Essex Council meeting notes - Monday, December 19, 2022

by Sylene Argent

Staff to prepare report on request to construct driveway entrance in excess of 25’

Essex Council motioned to defer resident Michael Gomes’s request to install a driveway wider than the 25’ permitted, and directed Administration to return with a report on the matter.

Gomes asked permission to construct a driveway with a 40’ entrance on Erie View Avenue.

He said there are multiple driveways in his area that exceed 25’. He was told by Town staff the other larger driveways in the area were existing, but he believes they are newer, based on mapping.

Director of Infrastructure, Kevin Girard, said new home builds need to follow the Town’s Development Standards Manual, which noted driveways cannot exceed 25’in width. Wider driveways established before the Manual was adopted in February are grandfathered.

It was noted, however, the 25’ width standard was practiced before the Development Standards Manual was adopted.

Deputy Mayor Rob Shepley said an exception may be in order in the case to provide some ease-way of not having boats, Sea-Doos, and cars from neighbours parking on his side of the road. The road, he added, is off-set.

Councillor Jason Matyi said parking near the beach is always a problem. If Council allows larger driveways in the area, Council may get more requests like this.

Councillor Kim Verbeek motioned to table the matter for further discussion, and have Administration prepare a report on the matter. The motion carried.

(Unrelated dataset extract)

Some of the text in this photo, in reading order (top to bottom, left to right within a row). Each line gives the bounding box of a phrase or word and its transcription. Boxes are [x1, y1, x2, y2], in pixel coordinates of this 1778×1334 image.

Heritage Colchester announces chimney repairs completed at Colchester Schoolhouse

Perry Basden, President of Heritage Colchester, approached Council regarding the funding and repairs to the Colchester Schoolhouse chimney.

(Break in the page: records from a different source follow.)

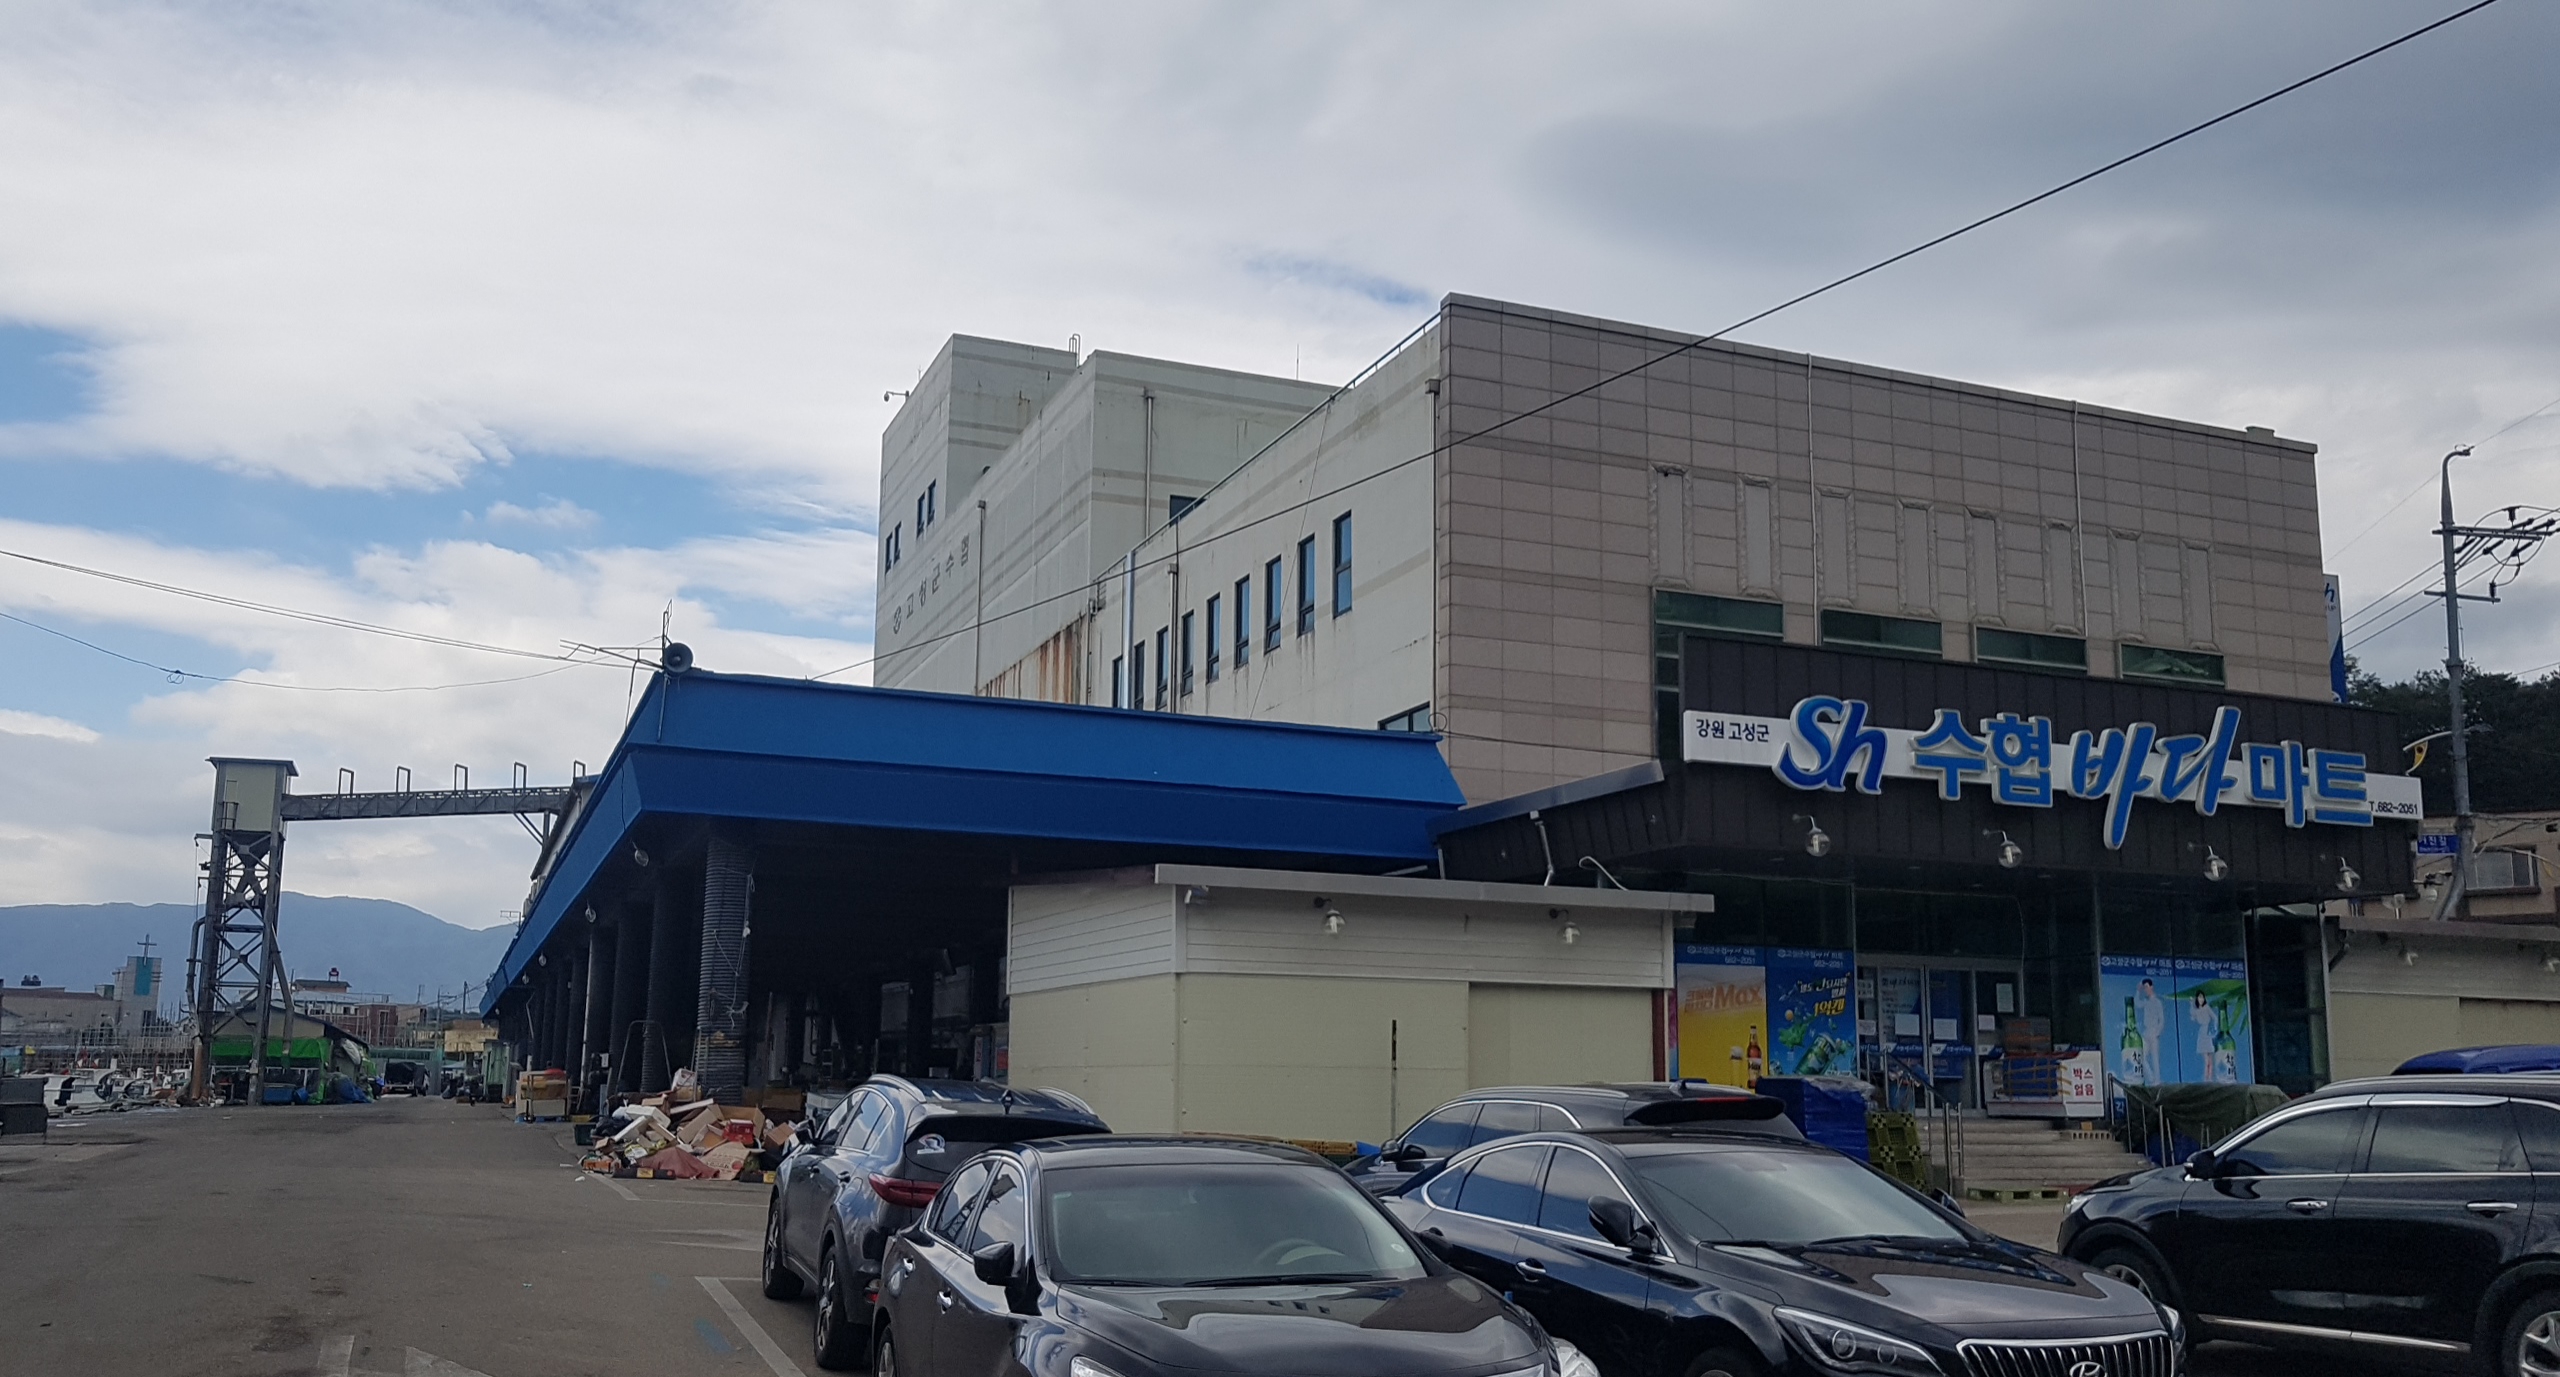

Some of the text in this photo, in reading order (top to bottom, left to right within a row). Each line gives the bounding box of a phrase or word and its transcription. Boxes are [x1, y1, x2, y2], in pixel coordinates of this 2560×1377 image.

[1696, 719, 1770, 742] 강원 고성군
[1773, 695, 1888, 795] Sh
[1908, 703, 2374, 850] 수협 바다 마트
[2369, 800, 2419, 815] T.682-2051
[1714, 982, 1762, 1009] Max
[2072, 1067, 2094, 1080] 박스

Heritage Colchester leases and is preparing plans to maintain the 1881 Colchester Schoolhouse.

Basden explained the 1952 chimney was in disrepair. It hasn’t been used for many years, but is a roost for Chimney Swifts, which are threatened under Ontario’s Endangered Species Act.

At the August 4 regular meeting, Council of the day approved repairs to the Colchester School House chimney in the amount of $29,945. Half of the cost came from Birds Canada’s “Chimney Swift Chimney Restoration Fund,” and the other half came from the Town’s Asset Management Reserve.

The chimney was beyond its lifecycle and could have created a safety issue, if it continued to deteriorate.

The work had to be completed by February of 2023, while the Chimney Swifts were south. The restoration was completed in early December, Basden added.

He thanked Council for matching the grant, the government for providing the grant, and those who worked on the reconstruction of the chimney.

Heritage Colchester is required, through the grant application, to monitor and report on the Chimney Swifts over the next five-years, and will file those reports with Swift Watch Ontario.

He said Heritage Colchester is looking forward to future collaborations with the Town of Essex.

Councillor Jason Matyi said Heritage Colchester is completing great work.

Council received the presentation.

Council adopts Tree Management By-Law,

resident recommends amendments

Resident Nicole Atkinson approached Council to suggest possible amendments to the provisional Tree Management By-Law.

At the December 5 regular meeting, Council gave two readings to By-Law 2205, to regulate tree management in the Town of Essex, for provisional adoption at the December 19, 2022 Council meeting.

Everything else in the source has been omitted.